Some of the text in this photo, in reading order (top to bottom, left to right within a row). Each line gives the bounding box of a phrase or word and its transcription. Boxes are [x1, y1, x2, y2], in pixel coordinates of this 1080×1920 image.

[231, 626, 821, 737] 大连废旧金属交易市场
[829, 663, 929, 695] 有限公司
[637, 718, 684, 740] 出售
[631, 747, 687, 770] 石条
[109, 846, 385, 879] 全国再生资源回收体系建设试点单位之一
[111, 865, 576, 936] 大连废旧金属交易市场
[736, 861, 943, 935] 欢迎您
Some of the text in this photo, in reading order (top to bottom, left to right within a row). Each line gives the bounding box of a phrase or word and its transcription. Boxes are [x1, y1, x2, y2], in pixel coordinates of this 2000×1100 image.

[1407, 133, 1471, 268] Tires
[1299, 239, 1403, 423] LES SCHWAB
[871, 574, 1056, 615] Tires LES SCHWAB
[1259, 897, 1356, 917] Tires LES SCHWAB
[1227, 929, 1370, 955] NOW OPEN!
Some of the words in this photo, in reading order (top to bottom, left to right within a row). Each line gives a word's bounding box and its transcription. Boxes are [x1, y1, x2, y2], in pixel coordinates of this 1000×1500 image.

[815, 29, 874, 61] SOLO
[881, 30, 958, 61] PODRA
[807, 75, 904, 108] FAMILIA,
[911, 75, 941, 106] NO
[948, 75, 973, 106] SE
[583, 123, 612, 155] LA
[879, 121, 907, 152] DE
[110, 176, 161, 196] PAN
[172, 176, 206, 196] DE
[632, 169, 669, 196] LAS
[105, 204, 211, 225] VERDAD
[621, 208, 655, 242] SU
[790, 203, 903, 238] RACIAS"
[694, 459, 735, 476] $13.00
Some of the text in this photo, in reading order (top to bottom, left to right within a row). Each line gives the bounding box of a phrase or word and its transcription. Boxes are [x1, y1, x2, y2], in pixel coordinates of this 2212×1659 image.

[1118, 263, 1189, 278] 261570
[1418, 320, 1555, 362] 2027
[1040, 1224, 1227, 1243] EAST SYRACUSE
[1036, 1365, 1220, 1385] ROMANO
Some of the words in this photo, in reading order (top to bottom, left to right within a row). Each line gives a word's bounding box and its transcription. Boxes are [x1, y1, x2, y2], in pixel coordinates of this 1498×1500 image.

(Task prompt): Retype all of the material, keeping each line exact.

(Exercise output):
Some of the text in this photo, in reading order (top to bottom, left to right within a row). Each line gives the bounding box of a phrase or word and its transcription. Boxes are [x1, y1, x2, y2], in pixel coordinates of this 1080×1920 image.

[231, 626, 821, 737] 大连废旧金属交易市场
[829, 663, 929, 695] 有限公司
[637, 718, 684, 740] 出售
[631, 747, 687, 770] 石条
[109, 846, 385, 879] 全国再生资源回收体系建设试点单位之一
[111, 865, 576, 936] 大连废旧金属交易市场
[736, 861, 943, 935] 欢迎您
Some of the text in this photo, in reading order (top to bottom, left to right within a row). Each line gives the bounding box of a phrase or word and its transcription. Boxes are [x1, y1, x2, y2], in pixel coordinates of this 2000×1100 image.

[1407, 133, 1471, 268] Tires
[1299, 239, 1403, 423] LES SCHWAB
[871, 574, 1056, 615] Tires LES SCHWAB
[1259, 897, 1356, 917] Tires LES SCHWAB
[1227, 929, 1370, 955] NOW OPEN!
Some of the words in this photo, in reading order (top to bottom, left to right within a row). Each line gives a word's bounding box and its transcription. Boxes are [x1, y1, x2, y2], in pixel coordinates of this 1000×1500 image.

[815, 29, 874, 61] SOLO
[881, 30, 958, 61] PODRA
[807, 75, 904, 108] FAMILIA,
[911, 75, 941, 106] NO
[948, 75, 973, 106] SE
[583, 123, 612, 155] LA
[879, 121, 907, 152] DE
[110, 176, 161, 196] PAN
[172, 176, 206, 196] DE
[632, 169, 669, 196] LAS
[105, 204, 211, 225] VERDAD
[621, 208, 655, 242] SU
[790, 203, 903, 238] RACIAS"
[694, 459, 735, 476] $13.00
Some of the text in this photo, in reading order (top to bottom, left to right within a row). Each line gives the bounding box of a phrase or word and its transcription. Boxes are [x1, y1, x2, y2], in pixel coordinates of this 2212×1659 image.

[1118, 263, 1189, 278] 261570
[1418, 320, 1555, 362] 2027
[1040, 1224, 1227, 1243] EAST SYRACUSE
[1036, 1365, 1220, 1385] ROMANO
Some of the words in this photo, in reading order (top to bottom, left to right within a row). Each line gives a word's bounding box and its transcription. Boxes are [x1, y1, x2, y2], in pixel coordinates of this 1498×1500 image.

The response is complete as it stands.